**Material provided**
——————————
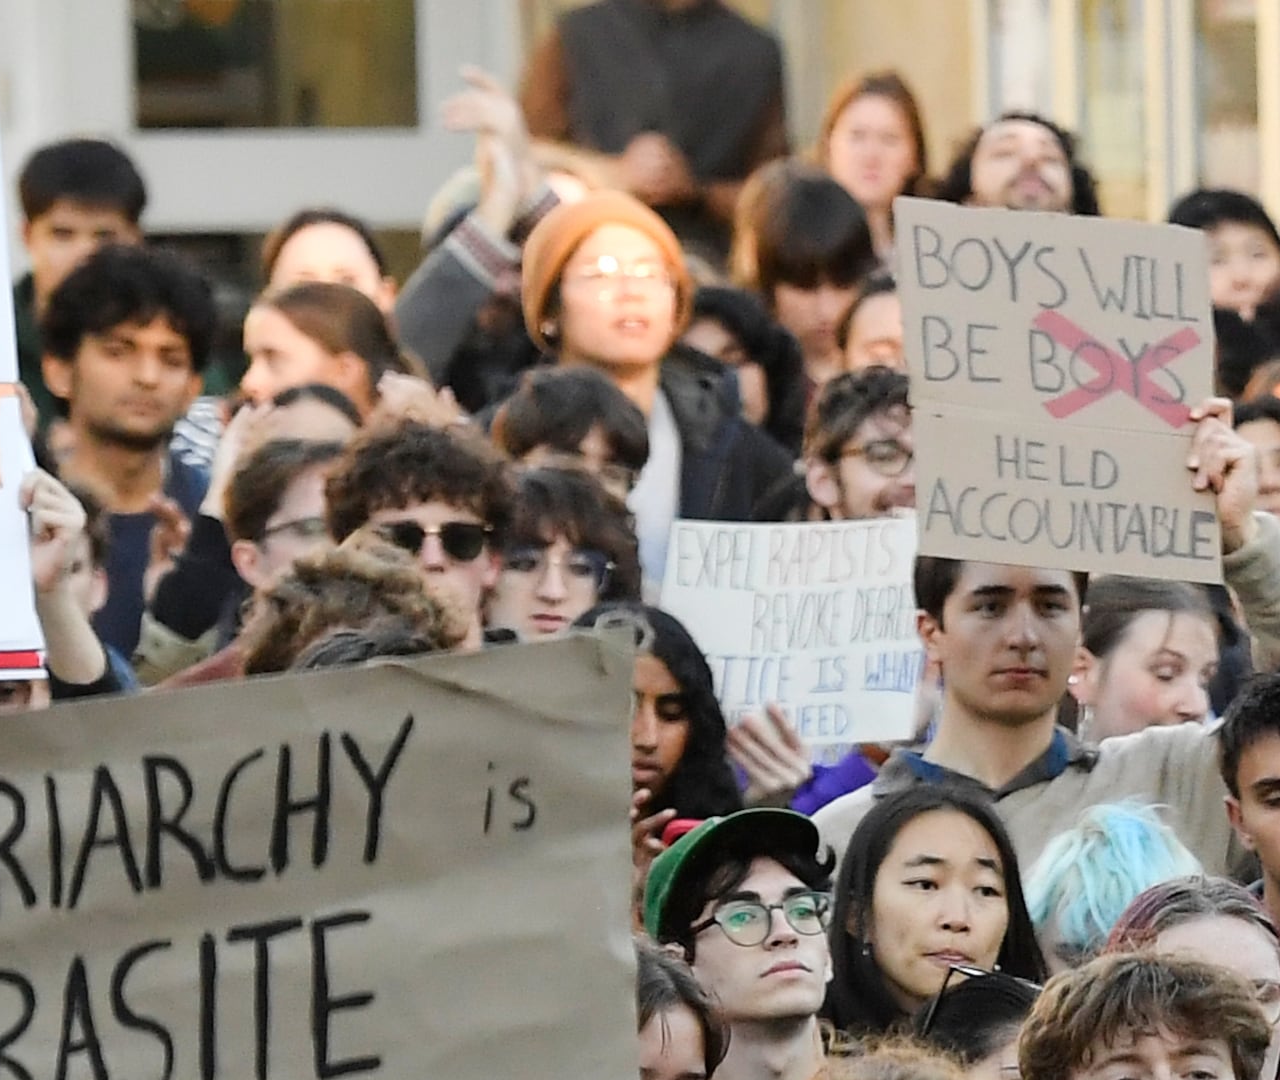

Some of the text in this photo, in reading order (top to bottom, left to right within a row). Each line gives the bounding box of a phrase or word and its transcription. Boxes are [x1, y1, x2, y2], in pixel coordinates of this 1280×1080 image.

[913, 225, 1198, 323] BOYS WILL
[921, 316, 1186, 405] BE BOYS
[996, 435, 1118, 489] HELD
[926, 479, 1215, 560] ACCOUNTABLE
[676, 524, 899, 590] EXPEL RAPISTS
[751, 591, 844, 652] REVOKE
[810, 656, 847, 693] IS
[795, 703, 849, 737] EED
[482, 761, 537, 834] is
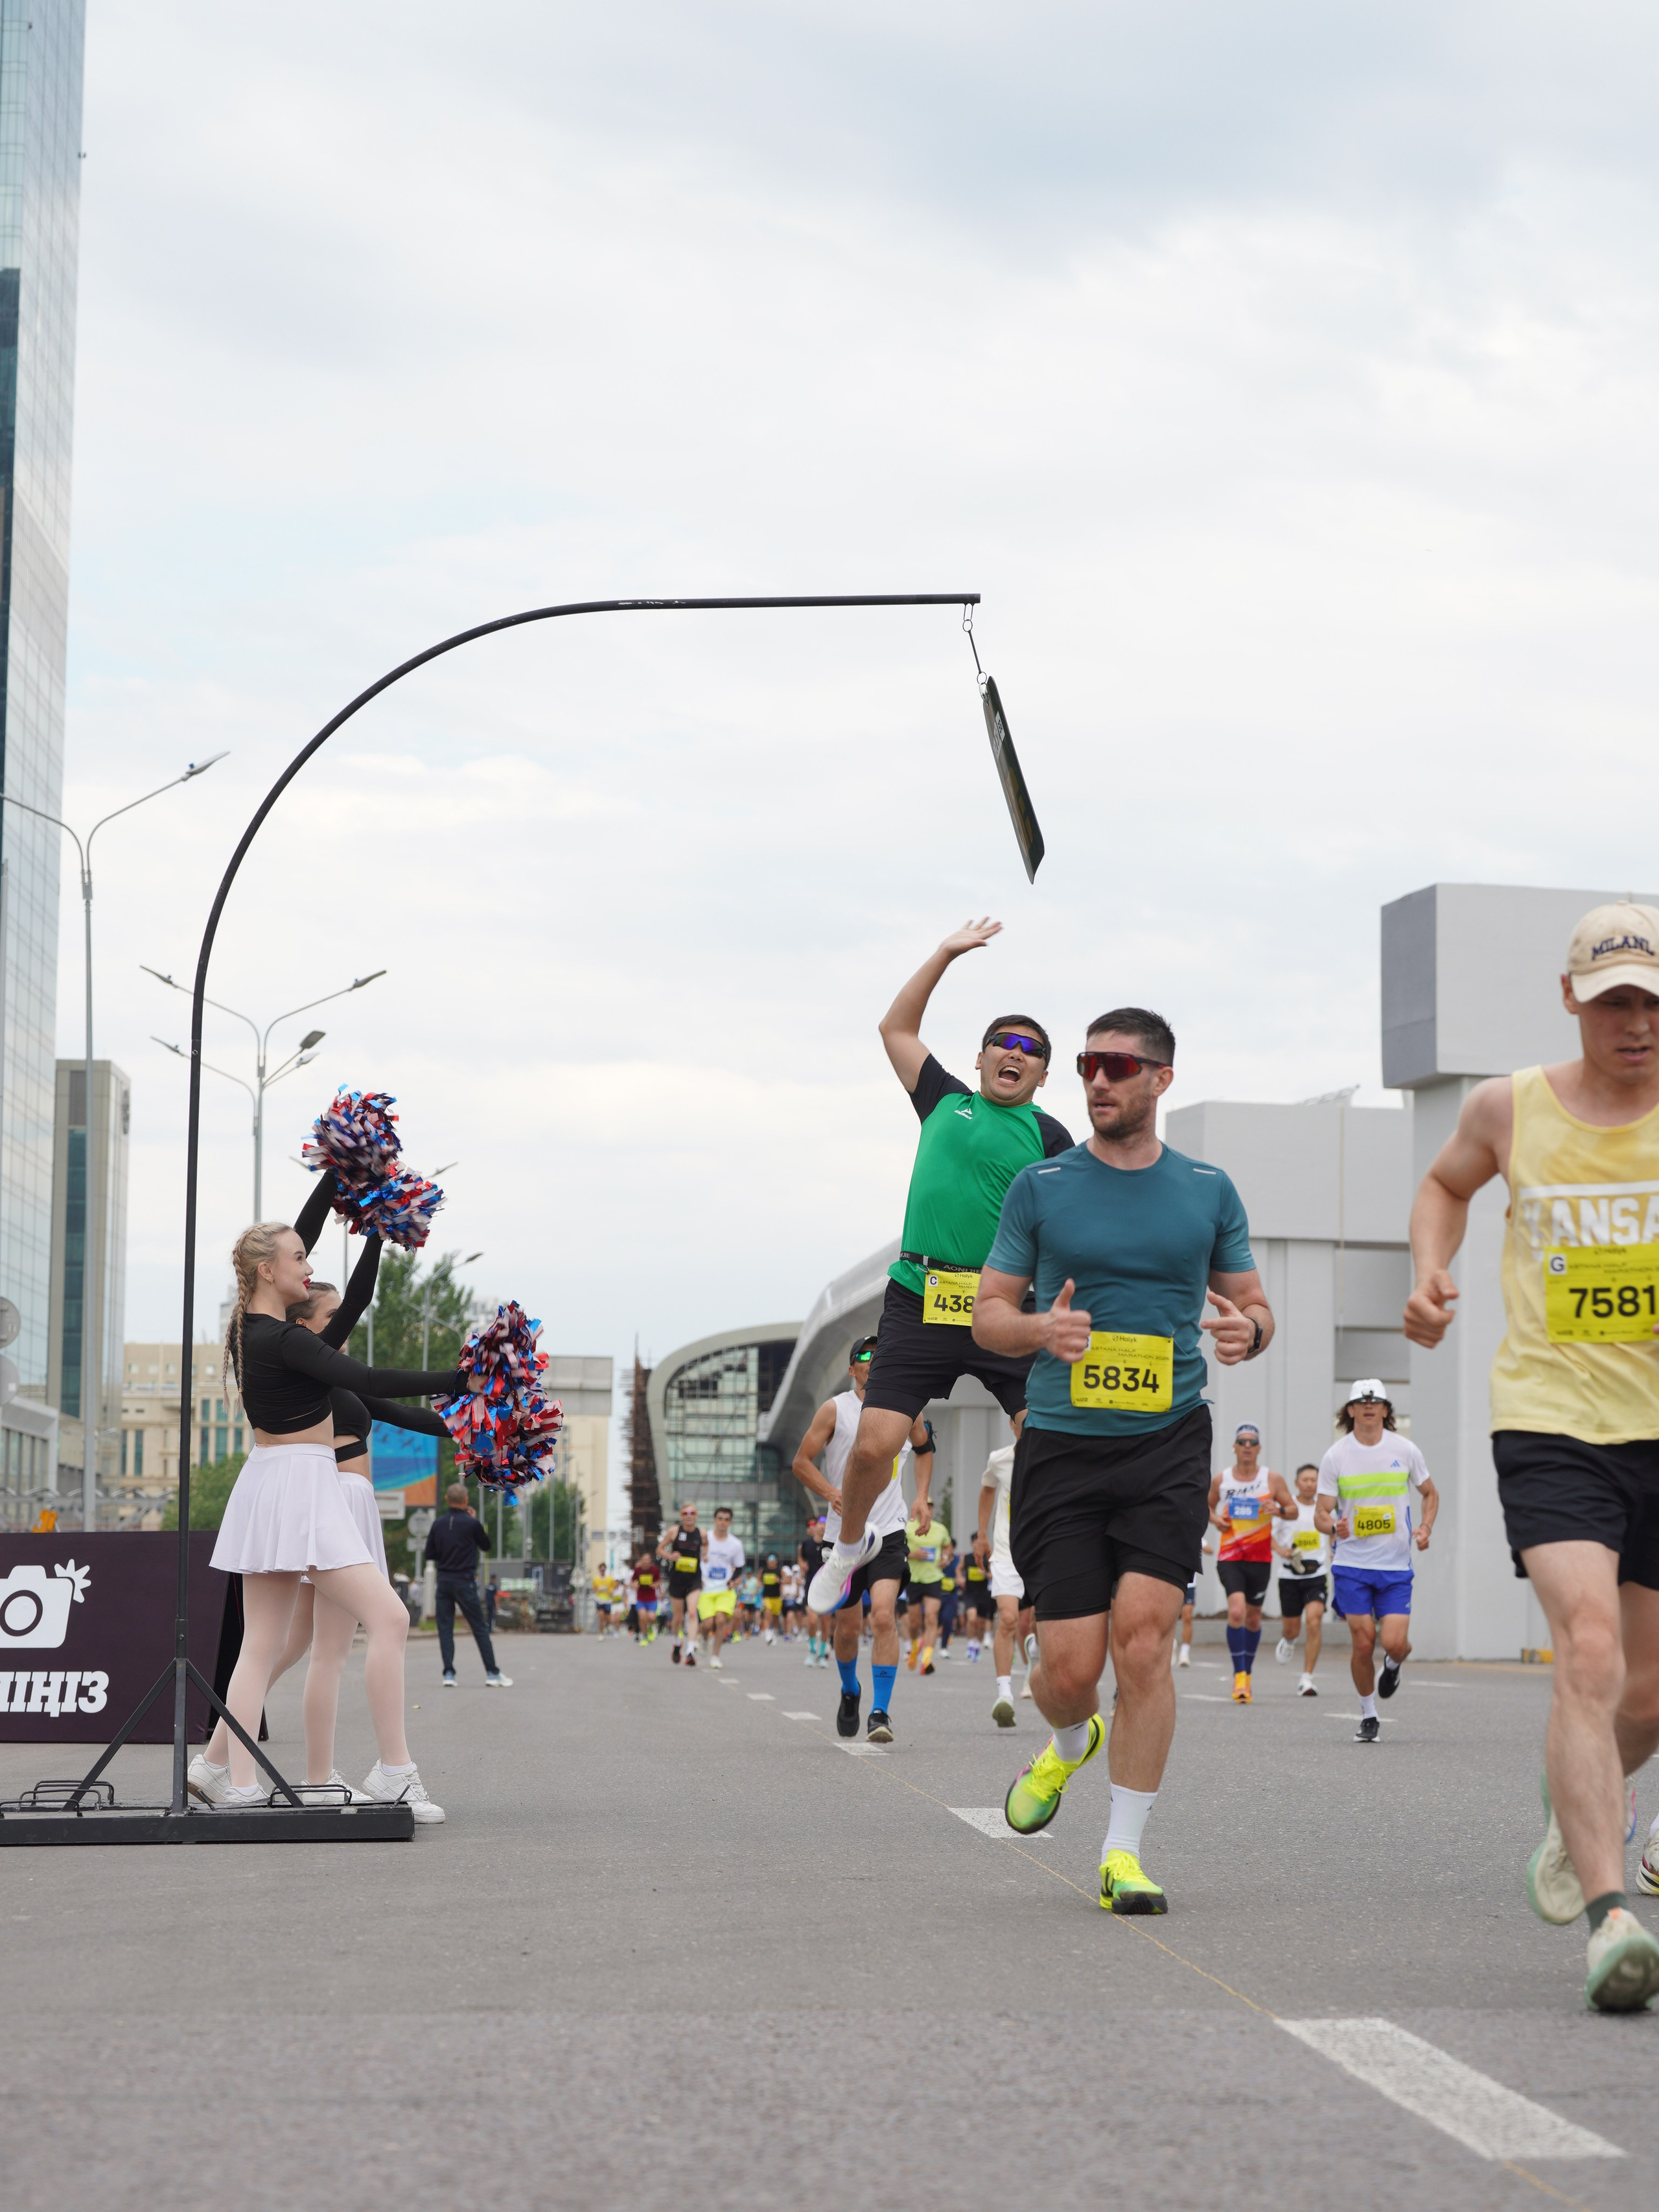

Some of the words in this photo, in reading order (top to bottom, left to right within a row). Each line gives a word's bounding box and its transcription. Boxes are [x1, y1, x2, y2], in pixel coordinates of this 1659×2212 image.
——————————
Omit the pictures and write out the remaining data exactly.

**Answer box**
Some of the text in this photo, in reading order (top to bottom, left to right within a row). Each line gives the bounding box of a phrase or word and its transcription. Boxes are [x1, y1, x2, y2], in pixel coordinates of this 1280×1080 image.

[913, 225, 1198, 323] BOYS WILL
[921, 316, 1186, 405] BE BOYS
[996, 435, 1118, 489] HELD
[926, 479, 1215, 560] ACCOUNTABLE
[676, 524, 899, 590] EXPEL RAPISTS
[751, 591, 844, 652] REVOKE
[810, 656, 847, 693] IS
[795, 703, 849, 737] EED
[482, 761, 537, 834] is

Some of the words in this photo, in reading order (top to bottom, left to right within a row). Each line gives a word's bounding box and its transcription. Boxes are [x1, y1, x2, y2], in pixel coordinates of this 1659×2212 image.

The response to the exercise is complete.